See that 2nd email you get when you sign up for the email course? It looks something like this:
This welcome email has a little trick. When you click on that link towards the bottom of the email, it pre-populates a message you can forward to a friend or colleague, like so:
Pretty neat, huh?
If you want to learn how we did this, sign up for Traction Course where we show you how 🙂
Between Traction Course and Programming for Marketers, we’ve seen more than 20% of people take us up on this email forwarding hack, and share the course with their friends. Then their friends get the same email, share with their friends… and the email course keeps growing!
After that, we automatically send out a new lesson every 2 days, as you can see below.
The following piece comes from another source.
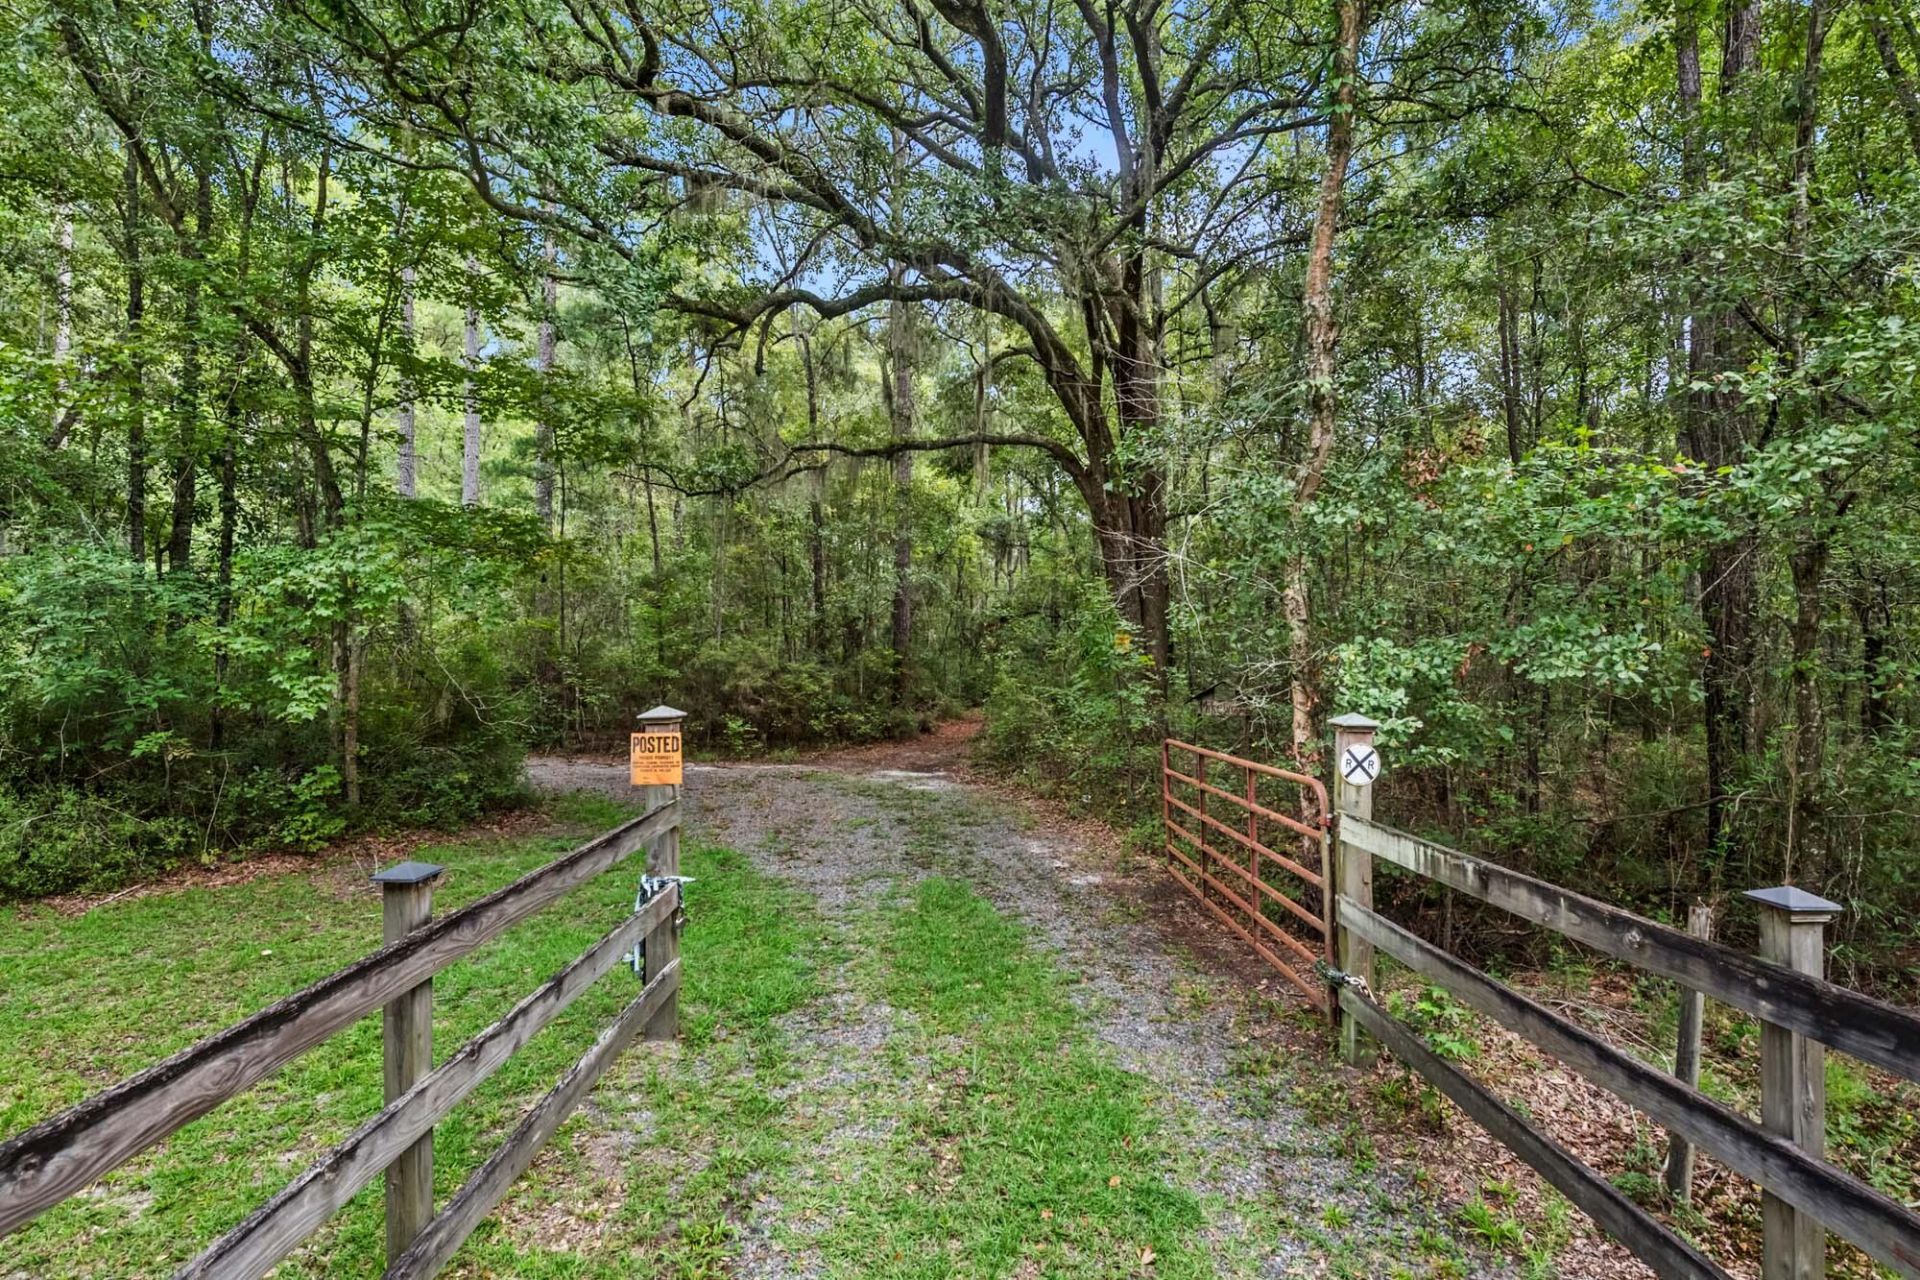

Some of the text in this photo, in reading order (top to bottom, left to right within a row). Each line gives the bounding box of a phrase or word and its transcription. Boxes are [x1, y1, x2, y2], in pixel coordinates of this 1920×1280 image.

[632, 736, 680, 753] POSTED
[1345, 758, 1352, 768] R
[1367, 759, 1374, 770] R
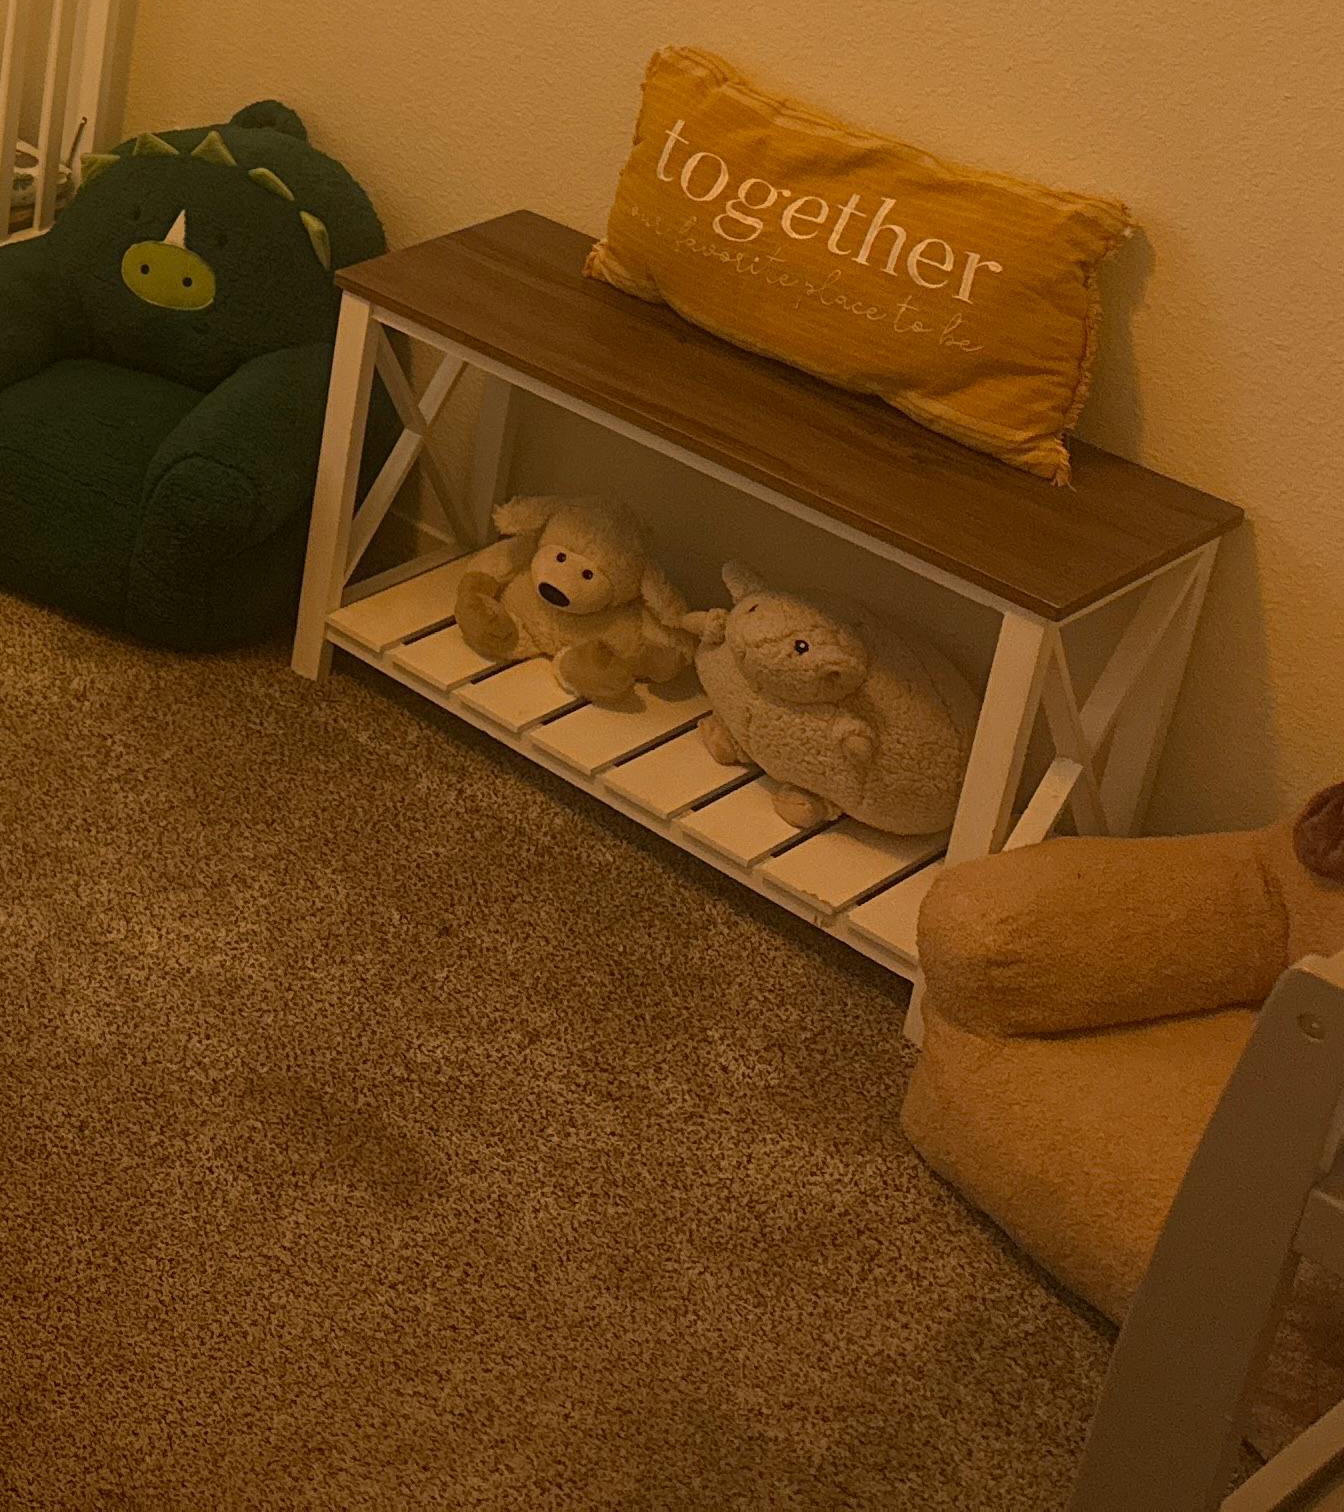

To a course subscriber, they get an email every 2 days with a hot new lesson. To us, we just set up the automation sequence once that will run forever. Pretty neat!
Setting up the emails so they drip out like this is also useful, as it gives your readers time to actually implement what each lesson covers.
How to Market Your Email Course
Now you have a topic, a landing page, and some amazing content ready to go. Now it’s time for arguably the most important part of this whole process…
Marketing it.
The hardest part about creating a successful email course is getting people to sign up.
Fortunately, there’s something about email courses that cause them to do better than most blog posts or whitepapers on similar subject. Since they stand alone, you can post these standalone course pages to sites like Product Hunt, Reddit and GrowthHackers (where we promoted each of our courses).
In our case, we promoted Traction Course on Product Hunt, GrowthHackersand the /r/startups Reddit thread.
Each platform we posted the course to led to several hundred signups, with Product Hunt driving the largest number of registrations overall.
On top of putting our course on each of these platforms, we also emailed our Traction email list and mentioned the course. We also tweeted about the course, though that hardly had an impact on the number of people that signed up.
How useful has this been?
All told, we’ve had over 3,000 people sign up for the free email course in just over a week. And, the number of people signing up just continues to grow. As we release new content and promote it to the list, I’m sure we’ll continue to see the number of subscribers grow.
We got these subscribers with about a day of work. Not a bad ROI, especially when compared to how long it takes to write a standard blog post (and how much less you get out of it). Rather than write 7 of our best marketing hacks as blog posts and getting a few hundred hits each, we now have captured thousands of email addresses we can market Traction to when we re-launch.
And that’s why this strategy is so powerful. It’s an incredibly high-leverage way to capture thousands of email addresses, and can drive leads and subscribers for months. This is far better than a blog post that peters out after just a few days.
So, that’s it! That’s everything you need to know about pulling together a free email course. How can you apply the same strategy to grow your startup?